▶ _PROBLEM TO WORK ON_
Your answer should be the line containing "Some of the words" and each line after it through the end of the data below, repeated exactly.
:: SOURCE RECORDS
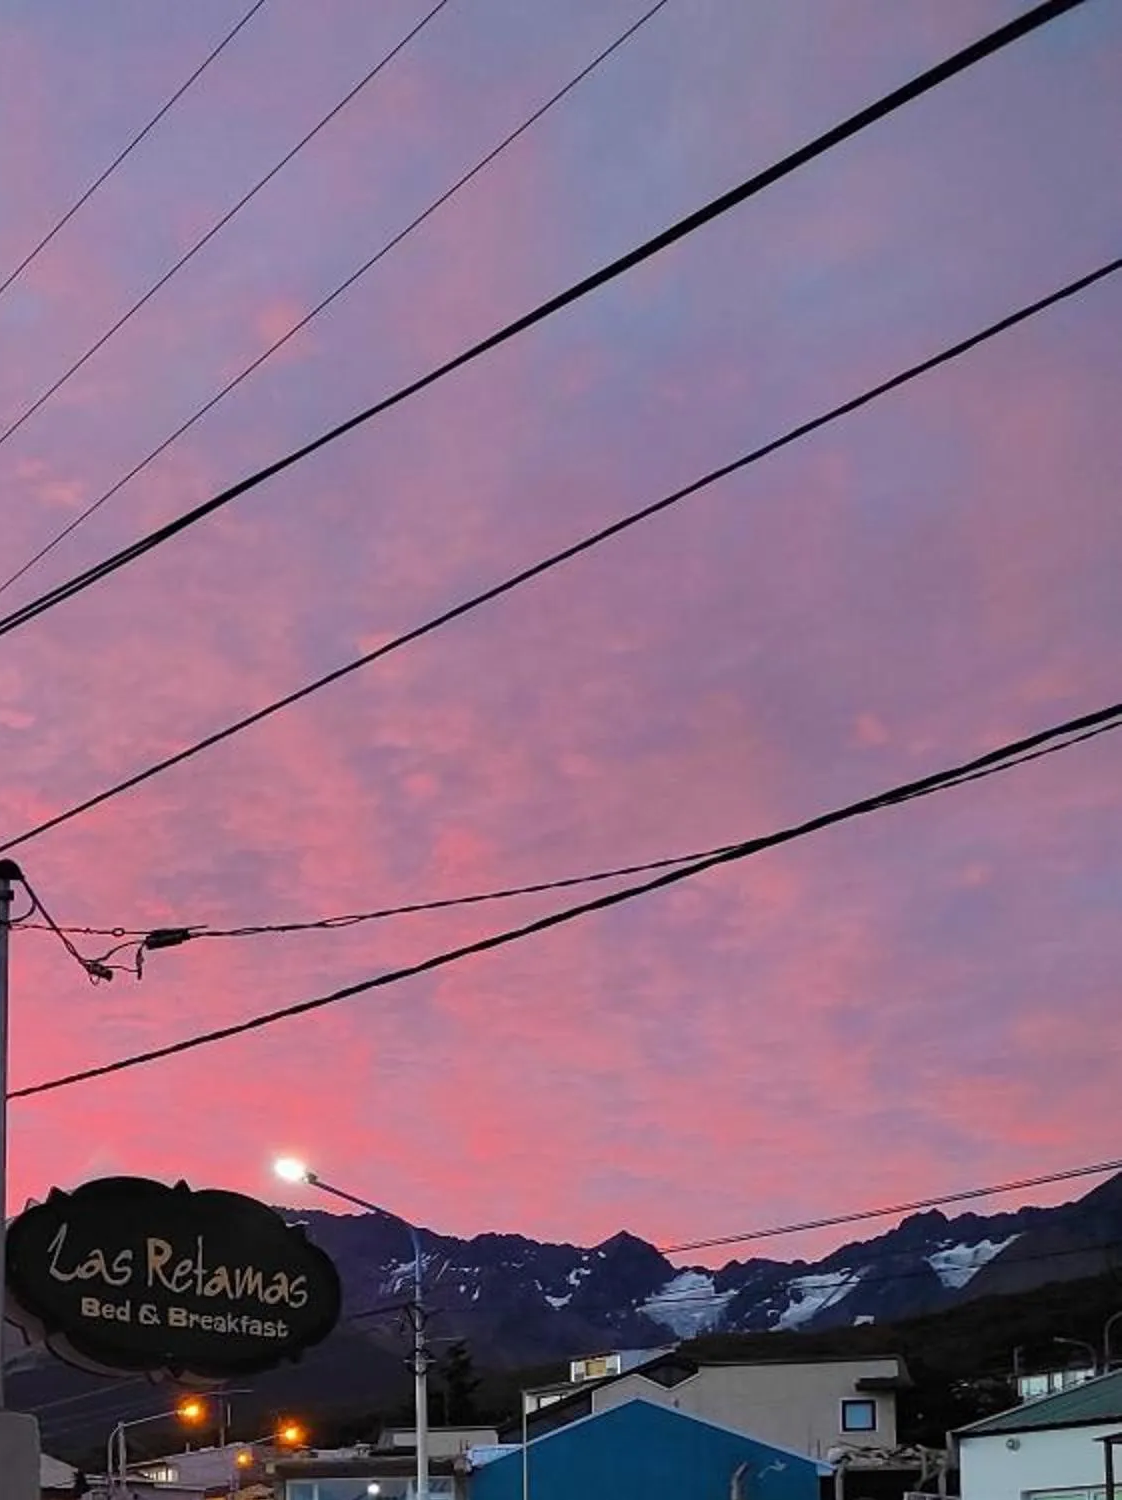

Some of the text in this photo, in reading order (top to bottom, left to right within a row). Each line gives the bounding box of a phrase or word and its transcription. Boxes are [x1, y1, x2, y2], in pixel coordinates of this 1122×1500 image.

[46, 1222, 308, 1308] Las Retamas
[81, 1297, 289, 1338] Bed & Breakfast
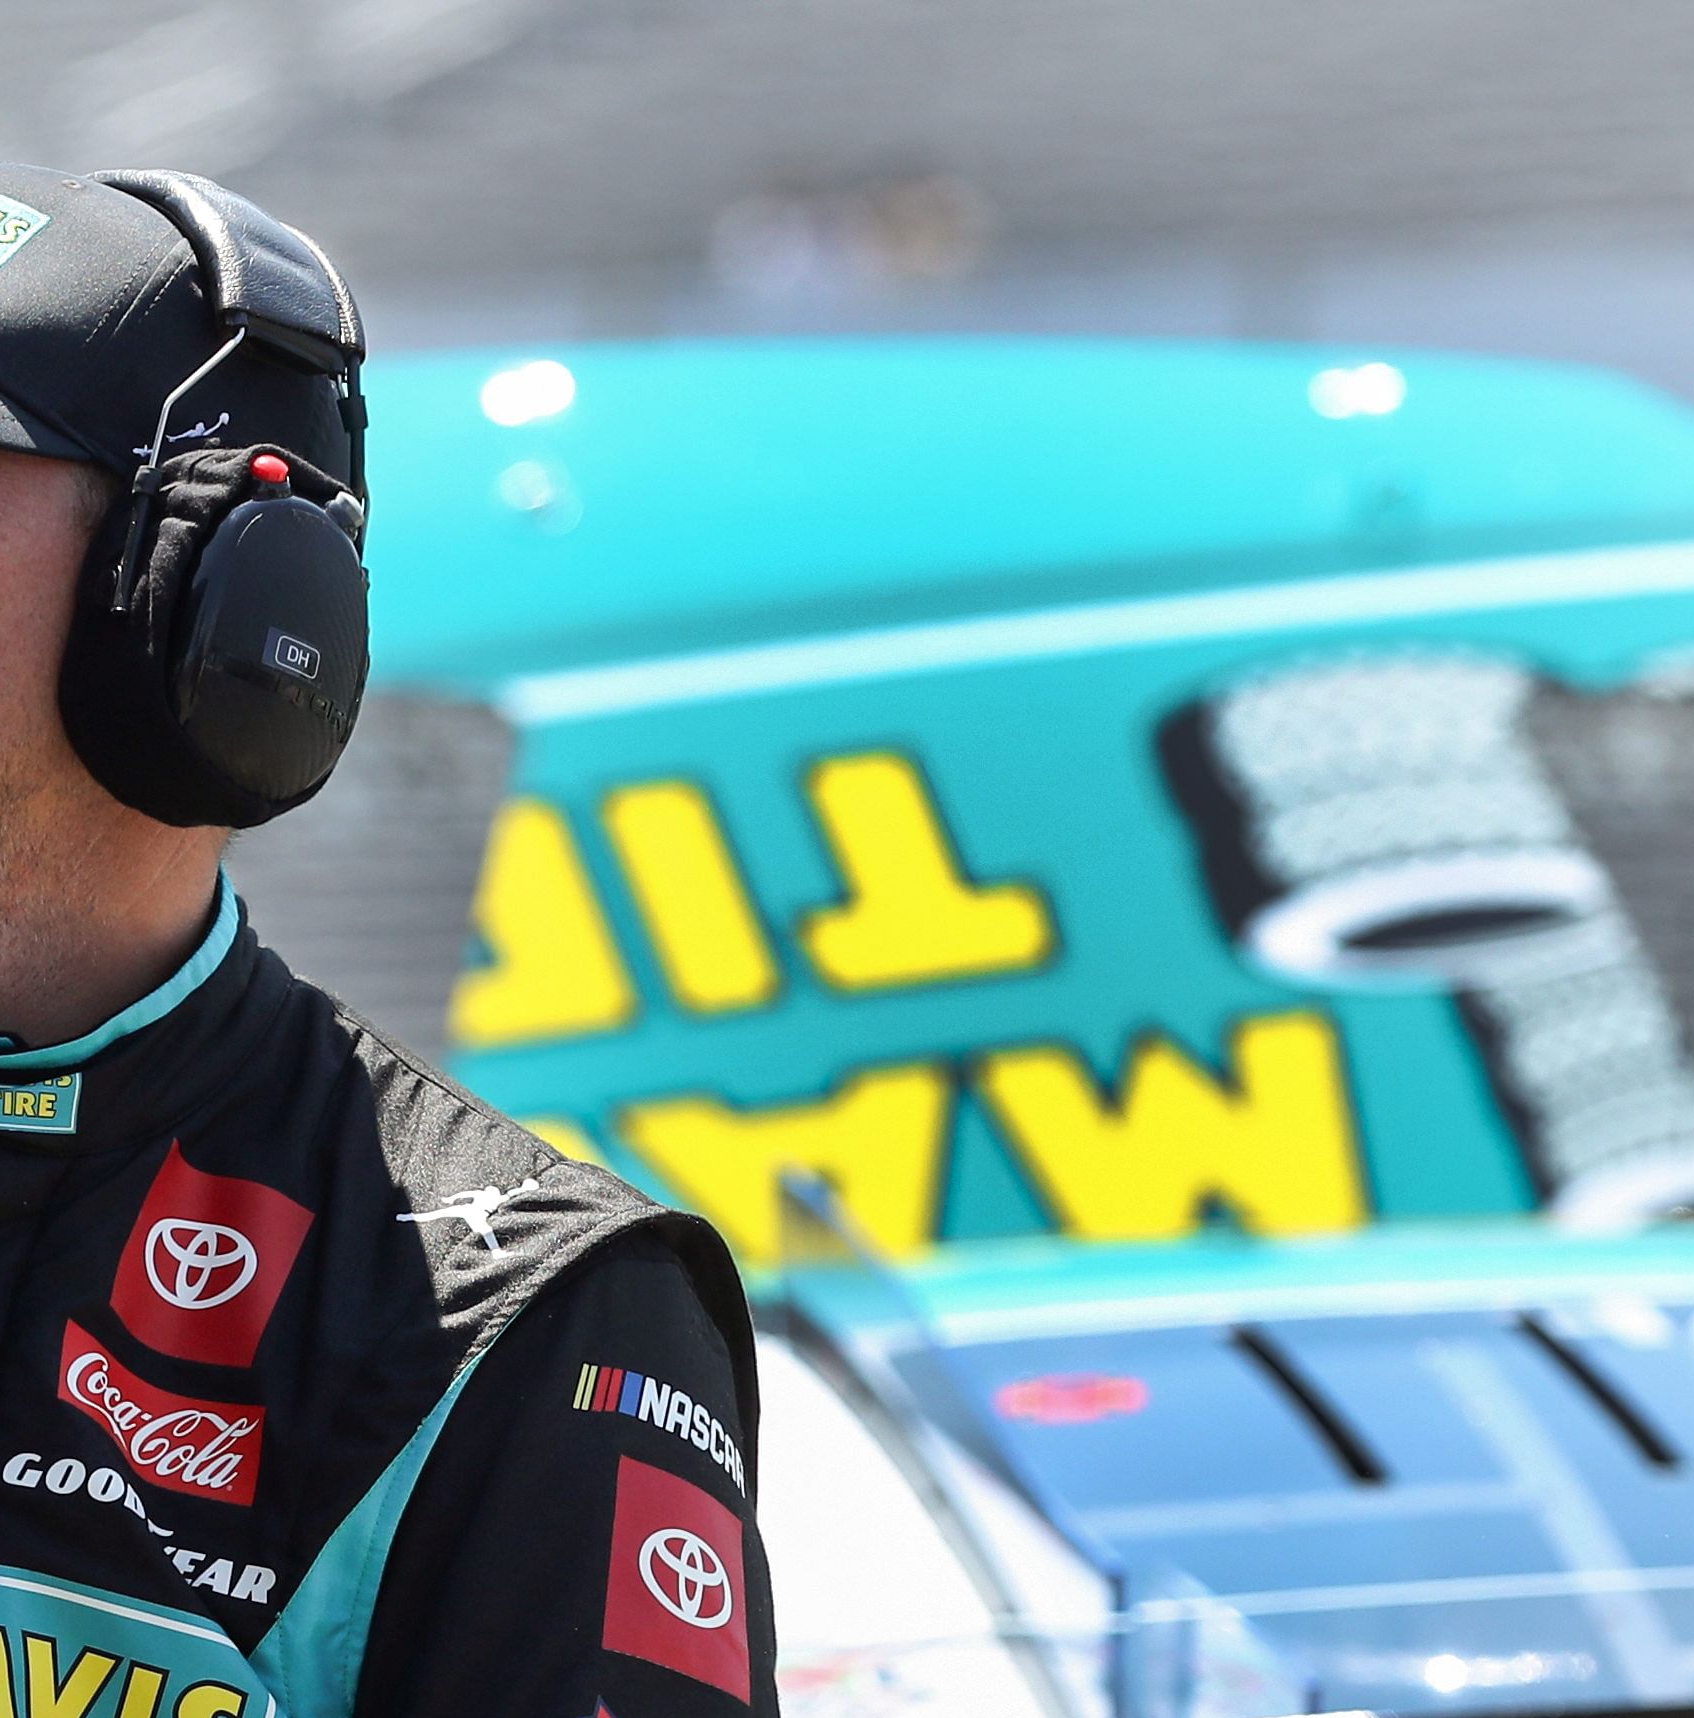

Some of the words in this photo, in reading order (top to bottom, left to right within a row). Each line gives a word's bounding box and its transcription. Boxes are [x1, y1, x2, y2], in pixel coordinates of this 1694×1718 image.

[286, 644, 311, 669] DH
[65, 1351, 260, 1491] Coca-Cola
[637, 1375, 748, 1500] NASCAR
::::
▶ _ANSWER FOR THE TASK_
Some of the words in this photo, in reading order (top to bottom, left to right within a row). Each line gives a word's bounding box and its transcription. Boxes are [x1, y1, x2, y2], in pixel coordinates of this 1694×1718 image.

[286, 644, 311, 669] DH
[65, 1351, 260, 1491] Coca-Cola
[637, 1375, 748, 1500] NASCAR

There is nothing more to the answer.